In other words, thousands of years ago, deep in the rainforest, someone had both the skill and the knowledge to save a child’s life through surgery, long before anyone even dreamed of a hospital.

Prehistoric Surgery That Defies Imagination

Just imagining what surgery must have been like in the Stone Age is enough to give you goosebumps. No anesthesia. No sterile tools. No formal knowledge of anatomy.

And yet, thousands of years ago, someone in Borneo managed to perform an amputation so precise that the patient survived.

The bones themselves tell the story: the cut was clean, and the vital tissues—blood vessels, veins, and nerves—were carefully managed.

Without that level of precision, the patient would have died from blood loss or infection. Instead, the wound healed perfectly. Scar tissue formed, bone closed, and the individual went on living, though likely with limited mobility.

This discovery suggests that prehistoric hunter-gatherers in Kalimantan had a surprisingly advanced understanding of the human body, far beyond what scientists once believed possible for that era.

Signs of Compassion

The find also sheds light on something equally profound: the social lives of these early people. As paleopathologist Melandri Vlok points out, the amputee would not have been able to move as freely as the rest of the group. And yet, they lived for years after the operation.

That means their community must have cared for them, providing food, protection, and support despite their limited mobility. It’s a rare and moving glimpse into empathy and social bonds among prehistoric humans, who are often thought of as living in a harsh, survival-of-the-fittest world.

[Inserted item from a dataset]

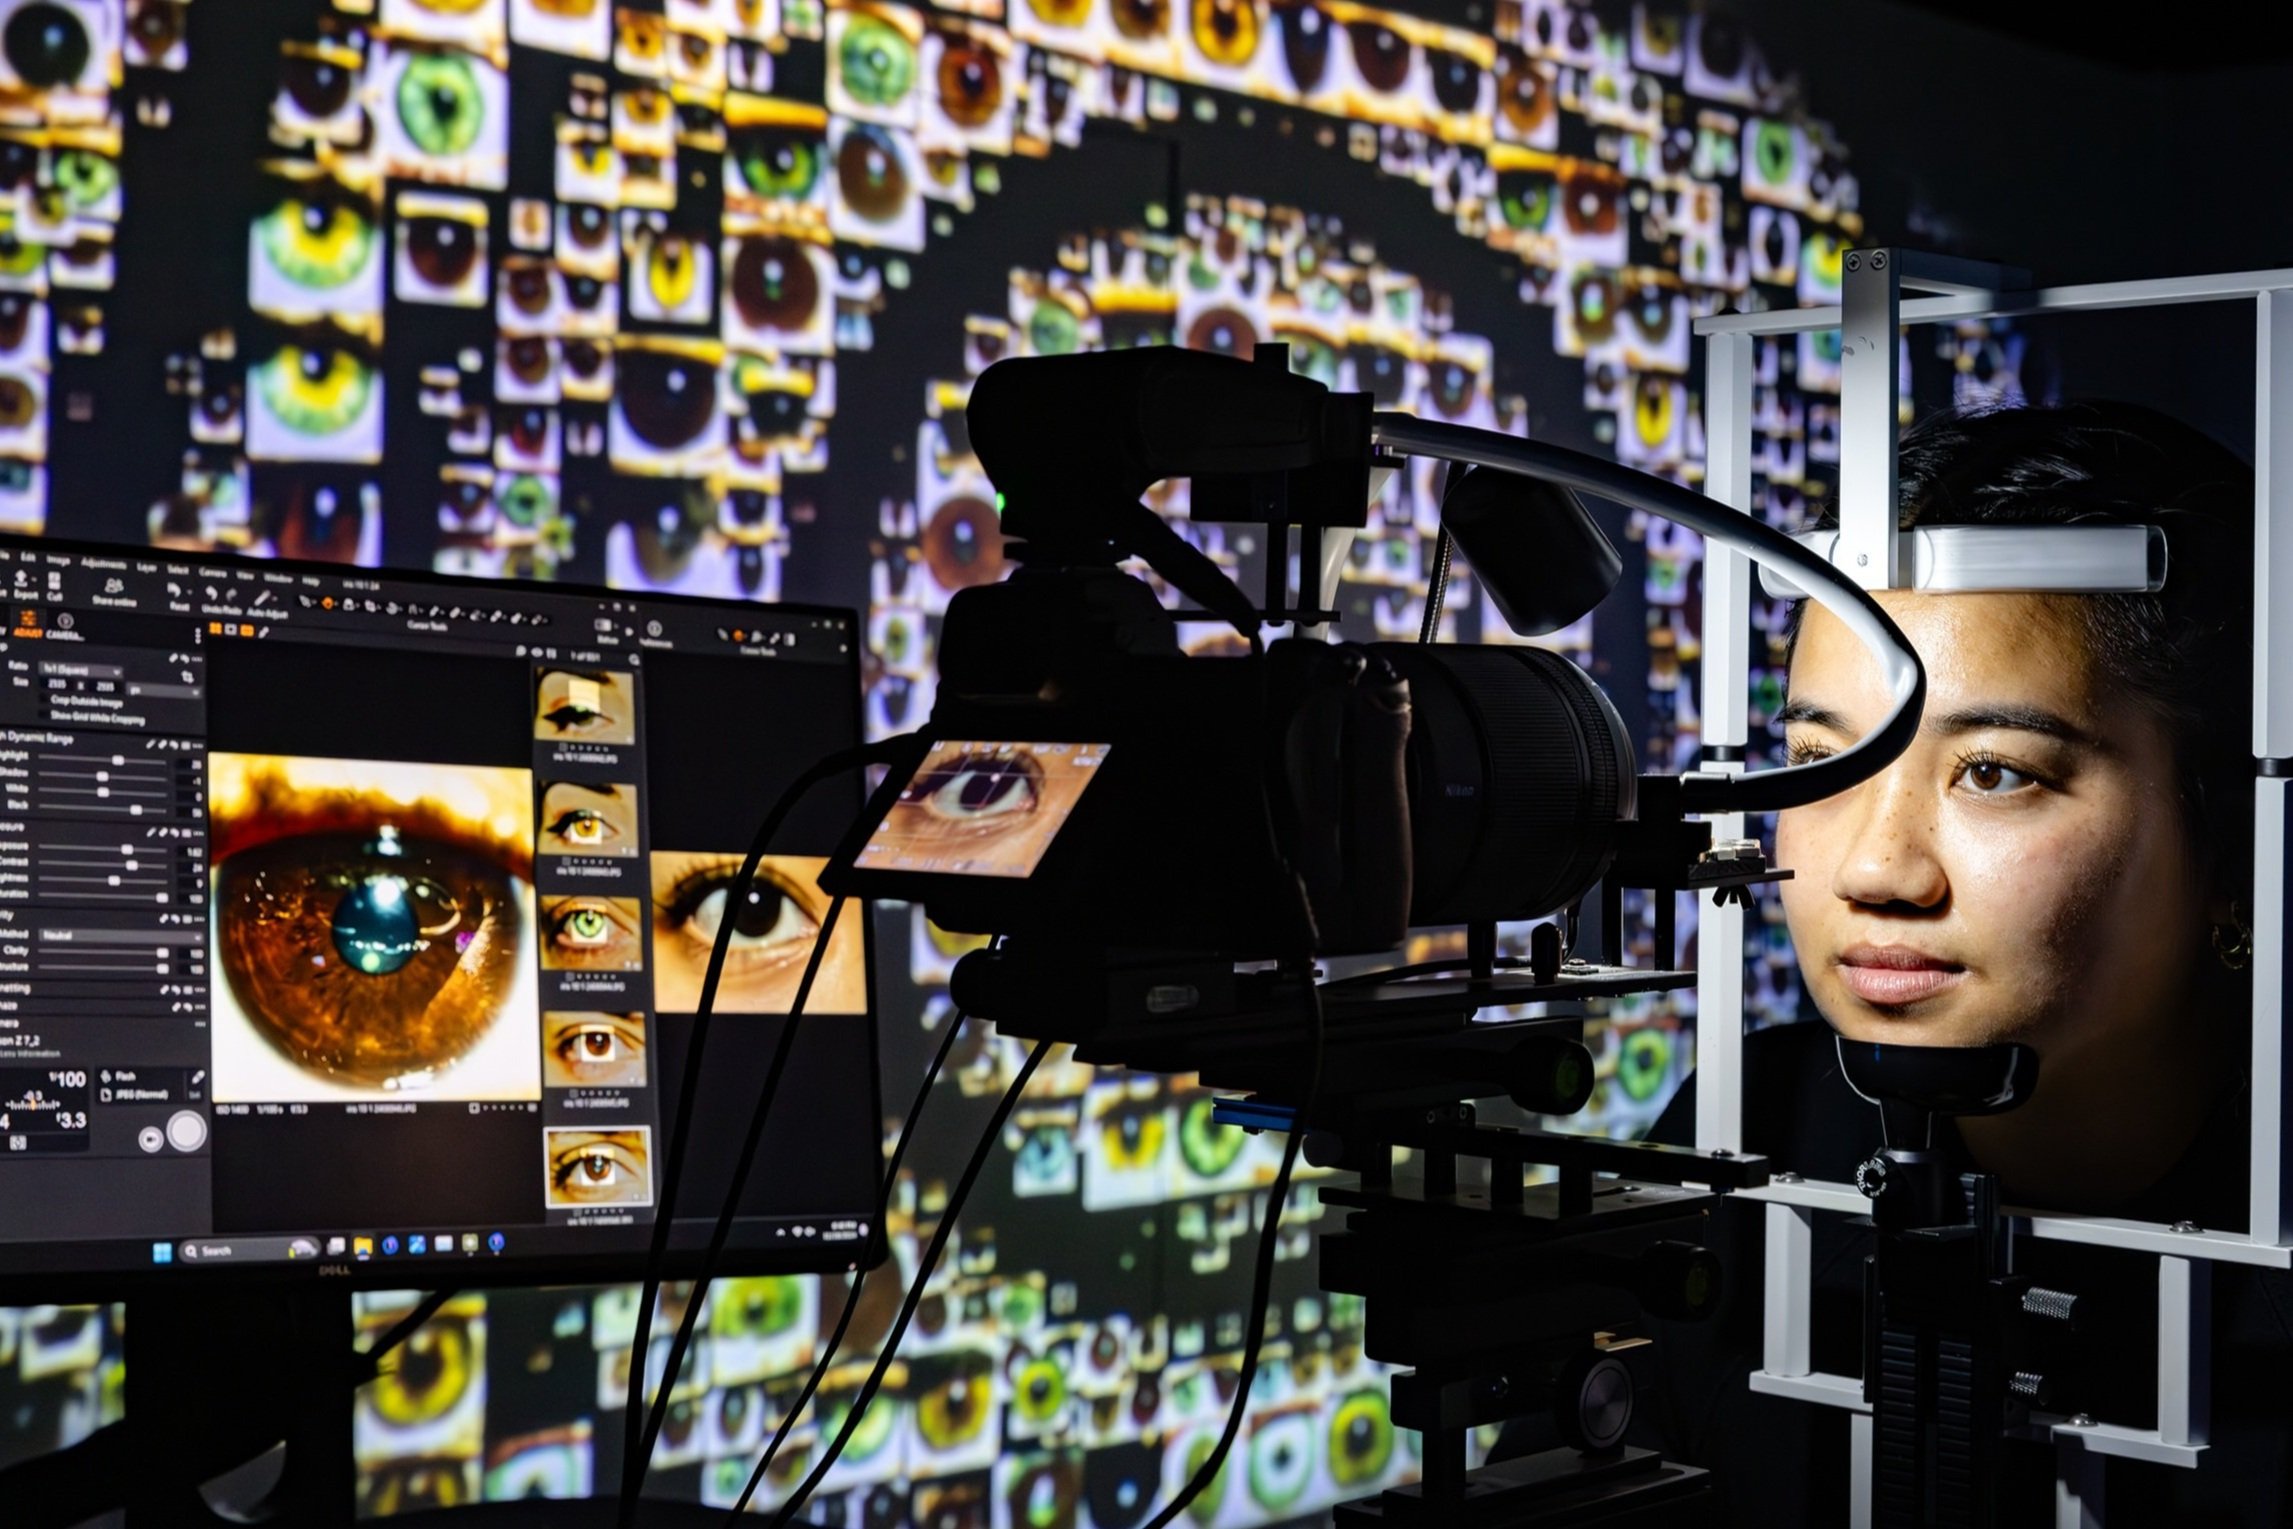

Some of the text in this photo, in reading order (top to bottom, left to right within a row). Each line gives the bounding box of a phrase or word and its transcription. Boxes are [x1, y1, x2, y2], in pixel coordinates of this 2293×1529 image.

The World’s Oldest Amputation

Before this discovery, the earliest evidence of surgical amputation came from a 7,000-year-old skeleton of a Stone Age farmer in France who survived the removal of an arm. There is also evidence of trepanation, prehistoric skull drilling, in parts of Eurasia and the Americas.

But this Borneo skeleton is much older: about 31,000 years old. That makes it the oldest known evidence of a successful surgical procedure in the world.

Archaeologist Tim Maloney calls this a major breakthrough. For years, researchers assumed that medical skills like amputation only appeared tens of thousands of years later, after humans began farming and living in permanent villages about 10,000 years ago. The Liang Tebo discovery completely rewrites that timeline, showing that hunter-gatherers in Borneo were capable of complex surgery far earlier than anyone expected.

The full findings have been published in the journal Nature.